What was exciting to me as I was reading the book and listening to Ellen speak, is what the researchers are now discovering about babies and toddlers and how they learn. Most people don’t think to pair the word “competent” with infants, yet, they are competent to begin participating in relationship and learning from their first moments, and the research provides some striking examples of ways we can support even the youngest and most fragile of babies to begin to develop the skills they will need and use for life. I am especially interested in making connections between the current research and my practice of Magda Gerber’s philosophy of educaring (educaring = teaching while caring).
Particularly fascinating to me, and what I want to highlight in this post and the next, is Heidelise Als’s (of Harvard University) research with preterm infants (born ten to twelve weeks before their due date) in neonatal intensive care units. Als’s work points to the tremendous competence and resilience even the most fragile baby is born with. Ellen shares in her book that her son Philip was born premature, so Als’s research was of particular interest to her, as well. Ellen believes Als’s work has important implications for all children, because it is instructive in how we can work with children to help them to thrive and cope in the face of challenges, becoming stronger in the process.
This short video clip provides a brief interview with Als, highlights how her ideas are benefiting some premature infants, and suggests why her findings might be helpful to all of us interested in helping children to develop their inborn abilities to take on challenges and cope with stress. I invite you to take a moment to watch.

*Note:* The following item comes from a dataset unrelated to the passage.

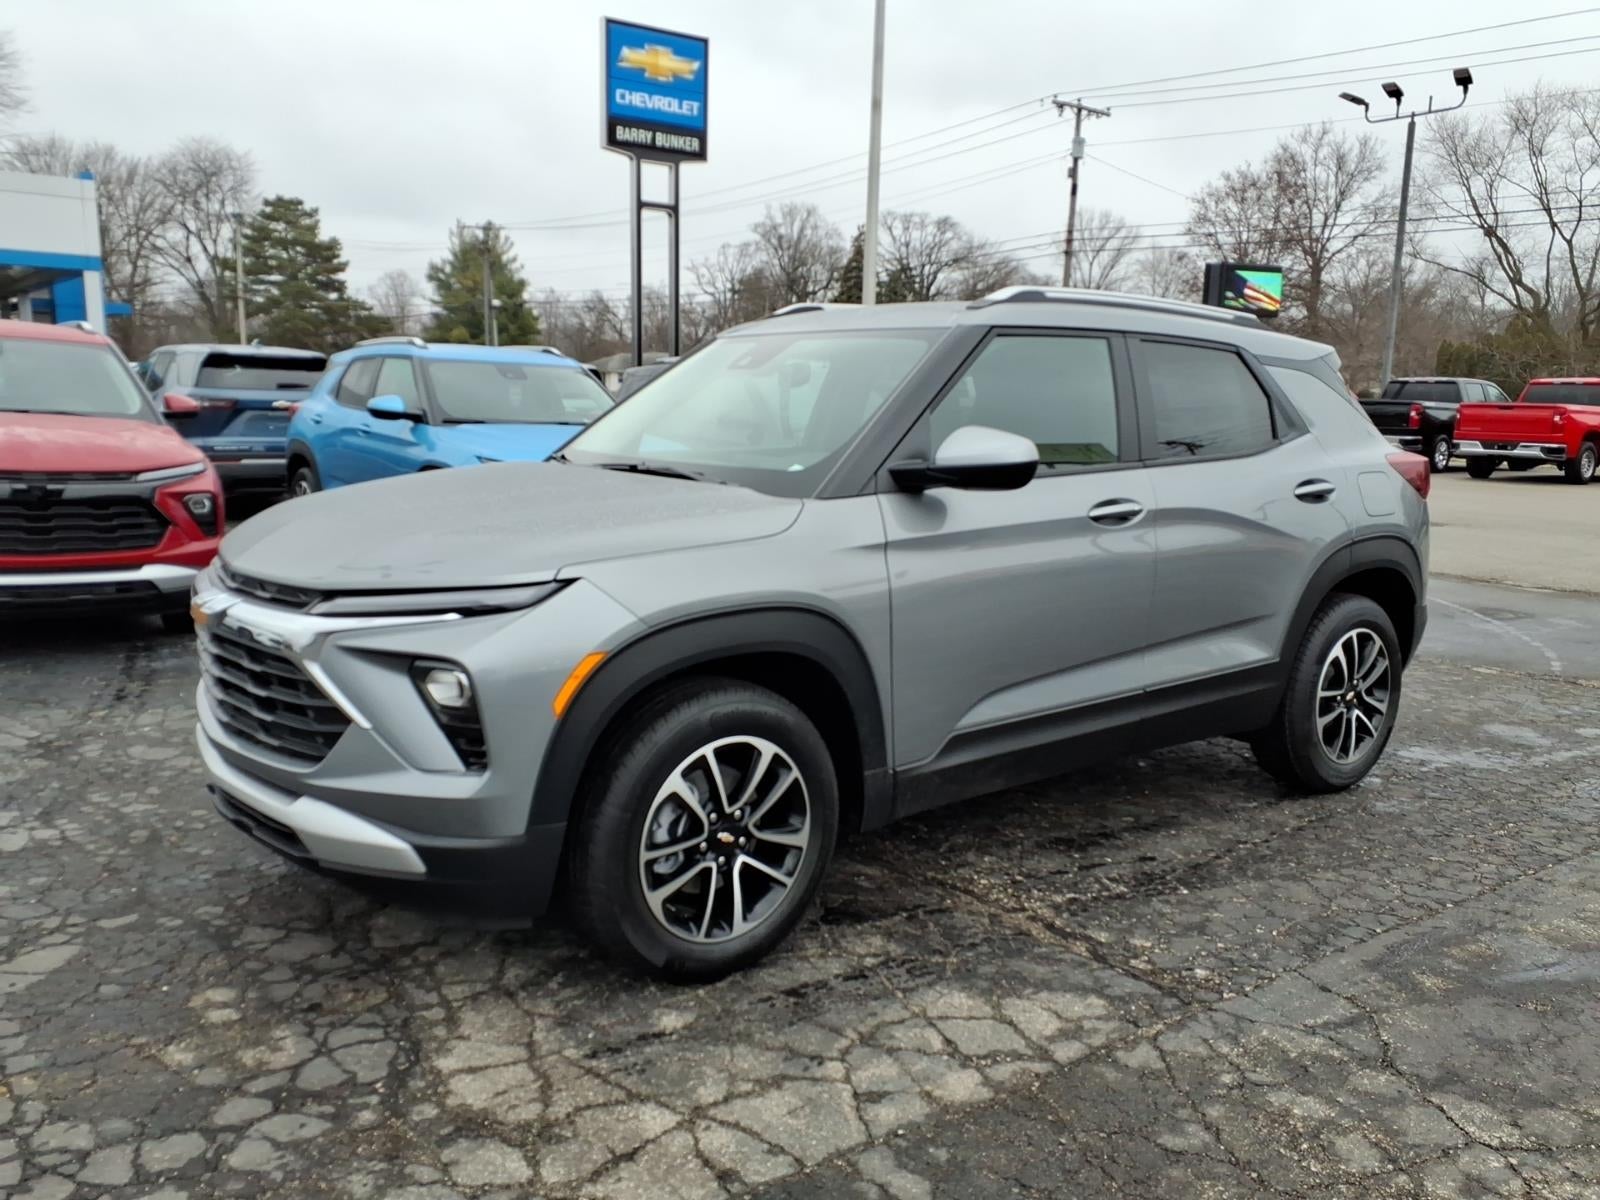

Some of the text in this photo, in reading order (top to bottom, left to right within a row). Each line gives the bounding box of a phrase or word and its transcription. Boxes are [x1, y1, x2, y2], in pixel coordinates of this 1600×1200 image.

[615, 88, 700, 116] CHEVROLET
[615, 125, 700, 152] BARRY BUNKER
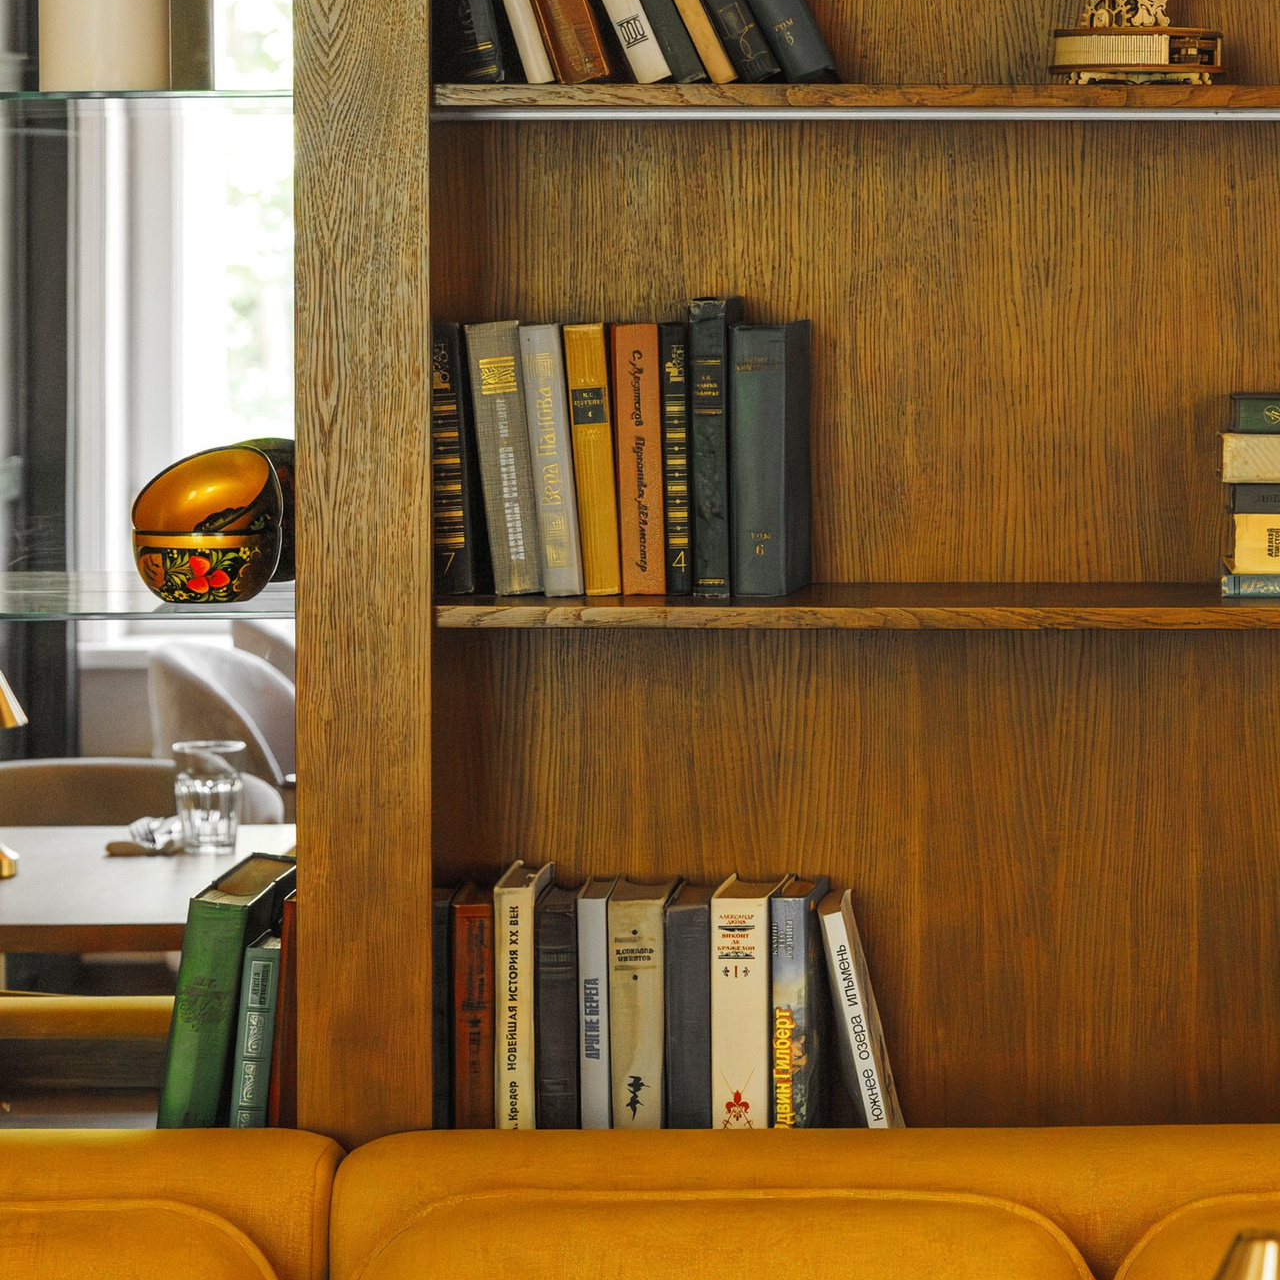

In my next post, I will share more about Als’s discoveries and approach, which she describes as a developmental, relationship based, respectful way to support even the youngest infants to manage their own stress, by encouraging them ”to use the abilities that they are born with for coping and calming down.”
I’ll leave you with this quote from Als, which is where I begin my next post….
“If we can understand the ‘words’ the baby is saying, maybe we can fill in the meaning of the sentence and understand the message.”